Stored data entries
----------------
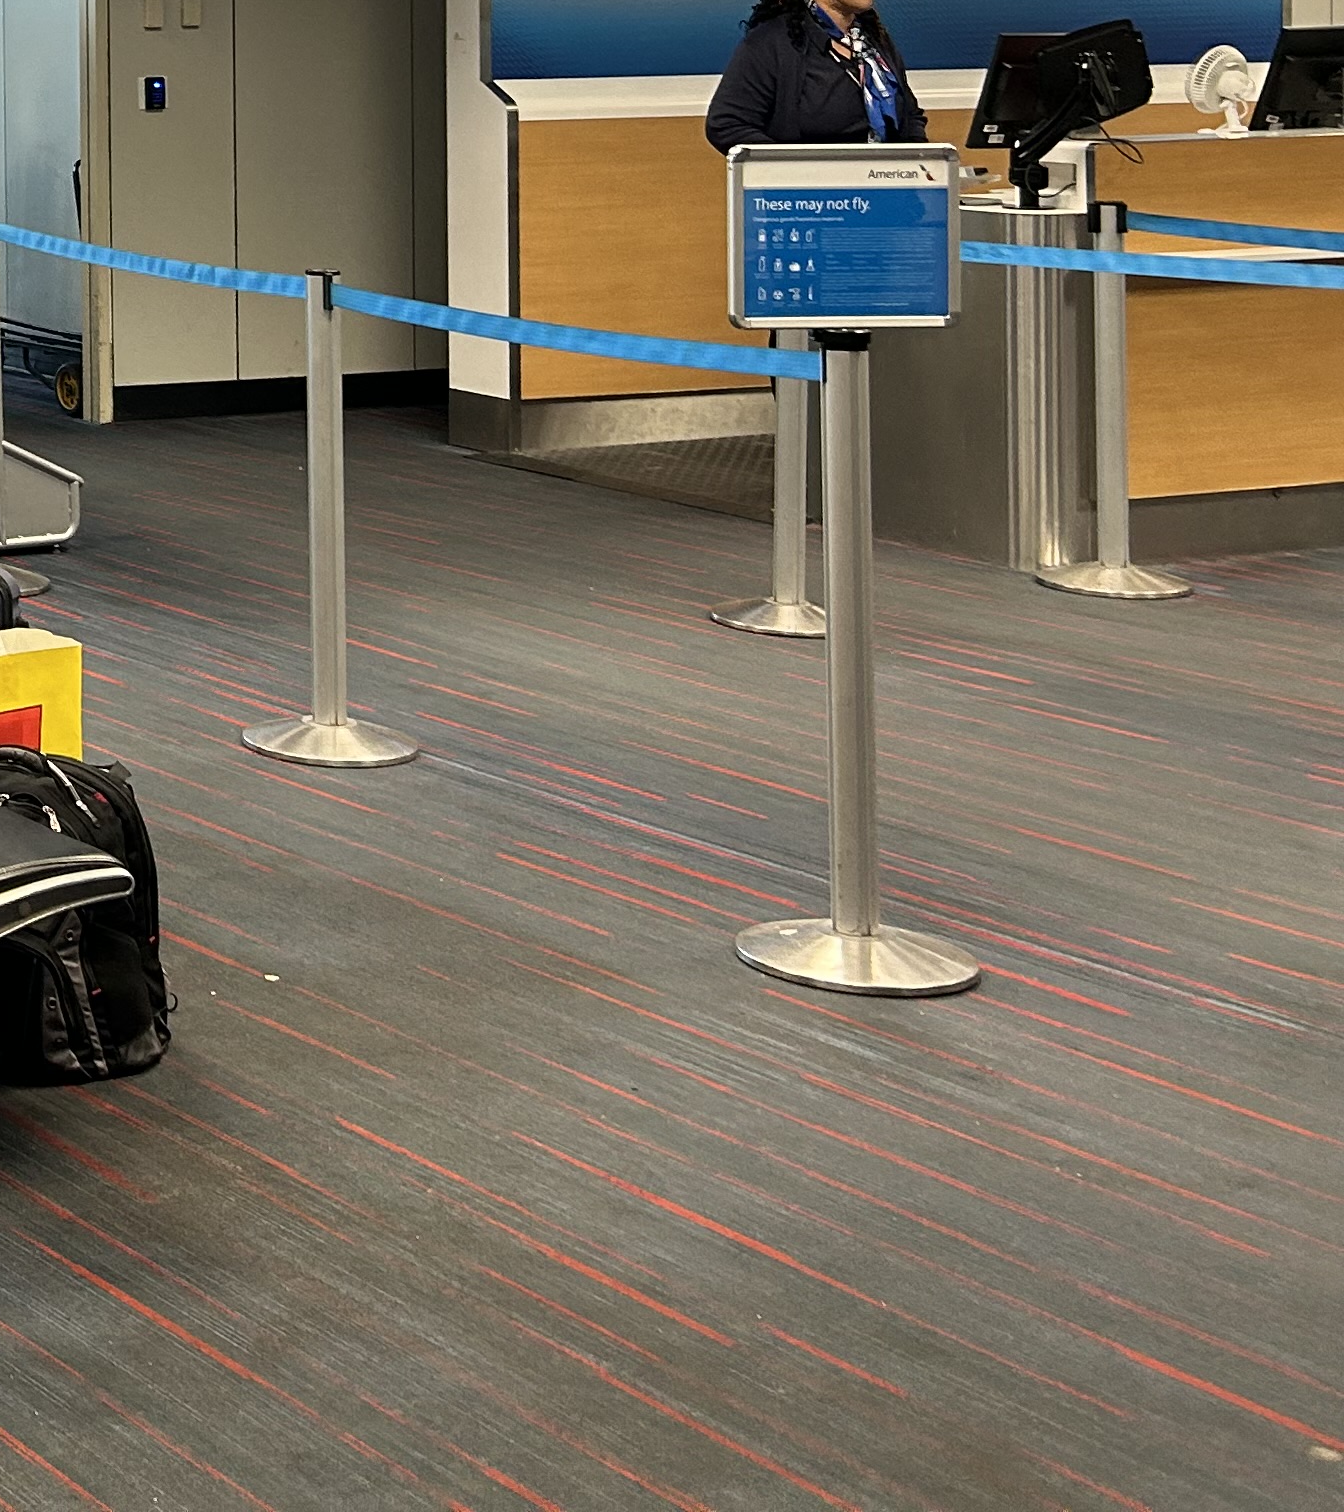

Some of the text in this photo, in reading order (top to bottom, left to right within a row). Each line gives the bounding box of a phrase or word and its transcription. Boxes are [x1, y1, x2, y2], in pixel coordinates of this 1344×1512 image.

[868, 169, 919, 179] American
[753, 196, 871, 214] These may not fly.
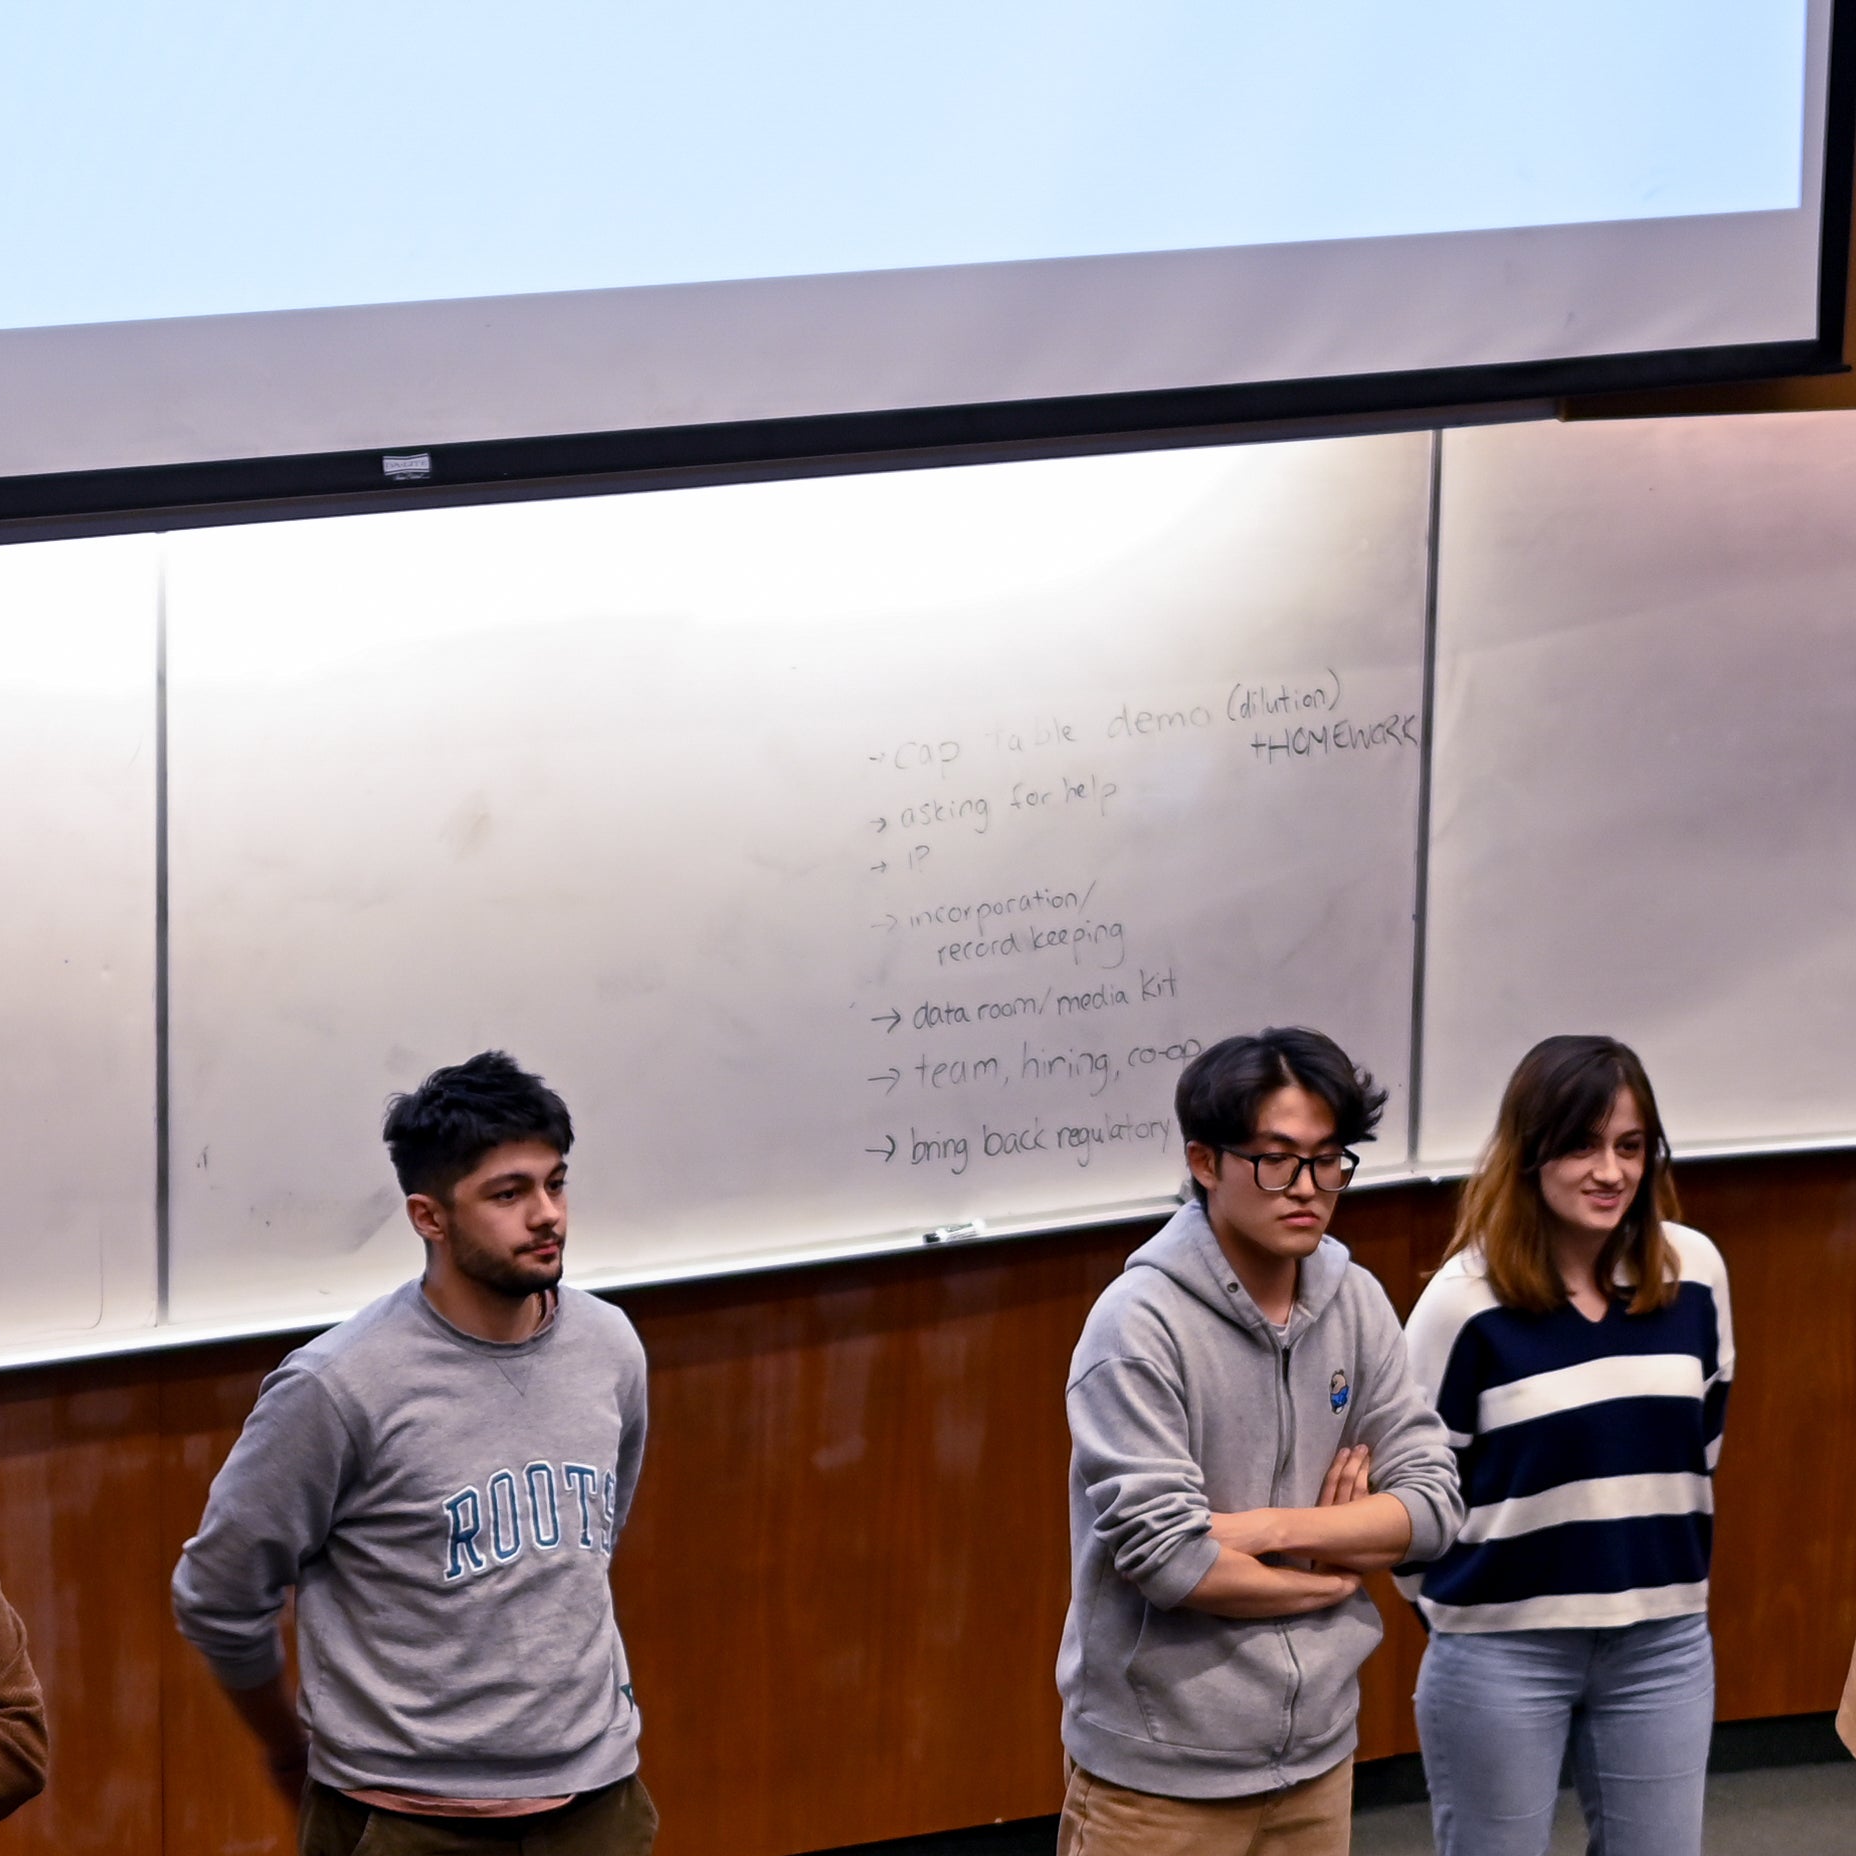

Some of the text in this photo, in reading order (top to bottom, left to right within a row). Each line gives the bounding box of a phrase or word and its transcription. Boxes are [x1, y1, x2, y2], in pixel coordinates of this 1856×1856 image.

[1107, 703, 1213, 739] demo
[1227, 667, 1341, 722] (dilution)
[901, 773, 1117, 834] asking for help
[937, 919, 1126, 969] record keeping
[915, 1053, 1009, 1089] team,
[1021, 1041, 1120, 1097] hiring,
[911, 1112, 1173, 1175] bring back regulatory
[444, 1460, 616, 1581] ROOTS
----------------
Activity =
Print the entries above exactly, taking out only the pictures.

Answer to this problem =
Some of the text in this photo, in reading order (top to bottom, left to right within a row). Each line gives the bounding box of a phrase or word and its transcription. Boxes are [x1, y1, x2, y2], in pixel coordinates of this 1344×1512 image.

[868, 169, 919, 179] American
[753, 196, 871, 214] These may not fly.

Some of the text in this photo, in reading order (top to bottom, left to right within a row). Each line gives the bounding box of a phrase or word and its transcription. Boxes are [x1, y1, x2, y2], in pixel coordinates of this 1856×1856 image.

[1107, 703, 1213, 739] demo
[1227, 667, 1341, 722] (dilution)
[901, 773, 1117, 834] asking for help
[937, 919, 1126, 969] record keeping
[915, 1053, 1009, 1089] team,
[1021, 1041, 1120, 1097] hiring,
[911, 1112, 1173, 1175] bring back regulatory
[444, 1460, 616, 1581] ROOTS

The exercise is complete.